TASK REQUIREMENTS :: Starting at the top line and ending at the bottom one, repeat the entries exactly and drop every picture.

Start of Block

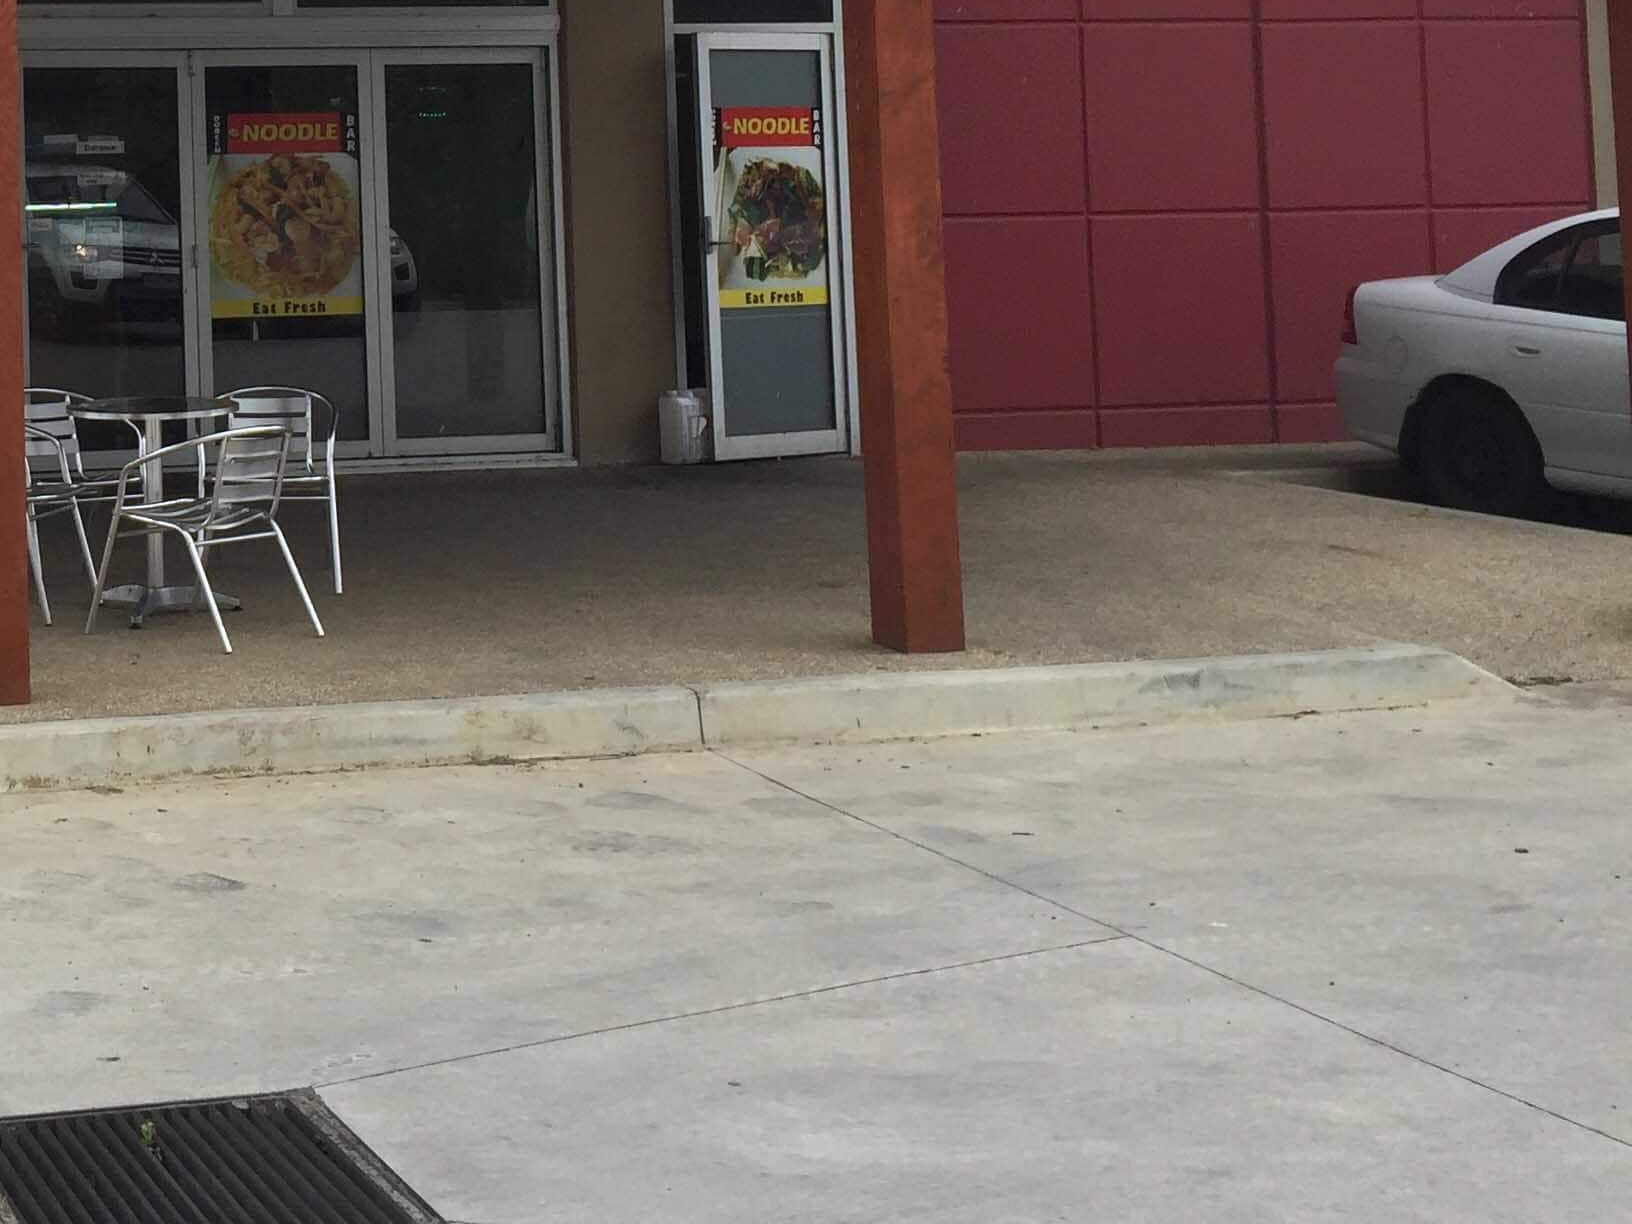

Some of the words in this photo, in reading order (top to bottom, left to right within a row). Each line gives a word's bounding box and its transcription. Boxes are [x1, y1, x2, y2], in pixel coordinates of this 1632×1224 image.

[242, 123, 338, 142] NOODLE
[346, 114, 356, 151] BAR
[733, 117, 810, 135] NOODLE
[745, 292, 764, 304] Eat
[771, 290, 803, 303] Fresh
[253, 302, 276, 314] Eat
[284, 300, 326, 313] Fresh
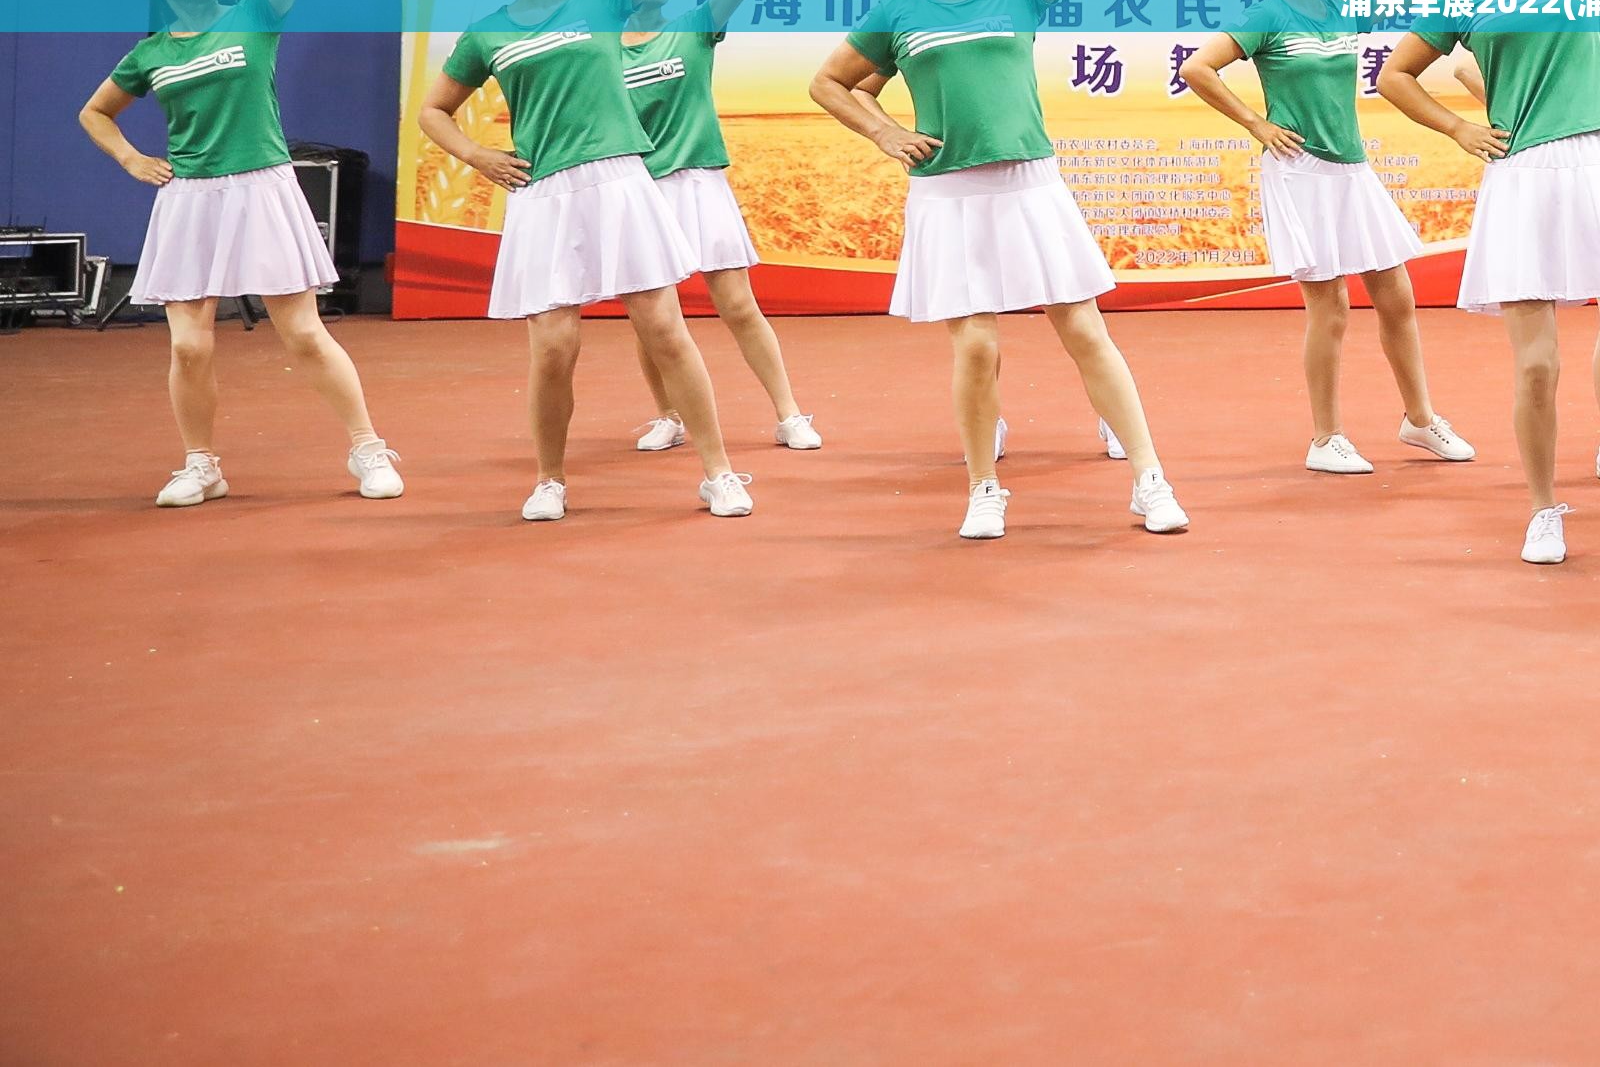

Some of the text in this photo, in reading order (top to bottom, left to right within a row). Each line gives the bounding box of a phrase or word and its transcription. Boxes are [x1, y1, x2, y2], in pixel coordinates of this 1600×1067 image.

[1051, 139, 1157, 150] 市农业农村委员会
[1060, 173, 1220, 184] 浦东新区体育管理指导中心
[1135, 250, 1255, 263] 2022年11月29日

End of Block

TASK RESULT ::
Some of the words in this photo, in reading order (top to bottom, left to right within a row). Each line gives a word's bounding box and its transcription. Boxes are [x1, y1, x2, y2], in pixel coordinates of this 1632×1224 image.

[242, 123, 338, 142] NOODLE
[346, 114, 356, 151] BAR
[733, 117, 810, 135] NOODLE
[745, 292, 764, 304] Eat
[771, 290, 803, 303] Fresh
[253, 302, 276, 314] Eat
[284, 300, 326, 313] Fresh

Some of the text in this photo, in reading order (top to bottom, left to right within a row). Each line gives the bounding box of a phrase or word and its transcription. Boxes are [x1, y1, x2, y2], in pixel coordinates of this 1600×1067 image.

[1051, 139, 1157, 150] 市农业农村委员会
[1060, 173, 1220, 184] 浦东新区体育管理指导中心
[1135, 250, 1255, 263] 2022年11月29日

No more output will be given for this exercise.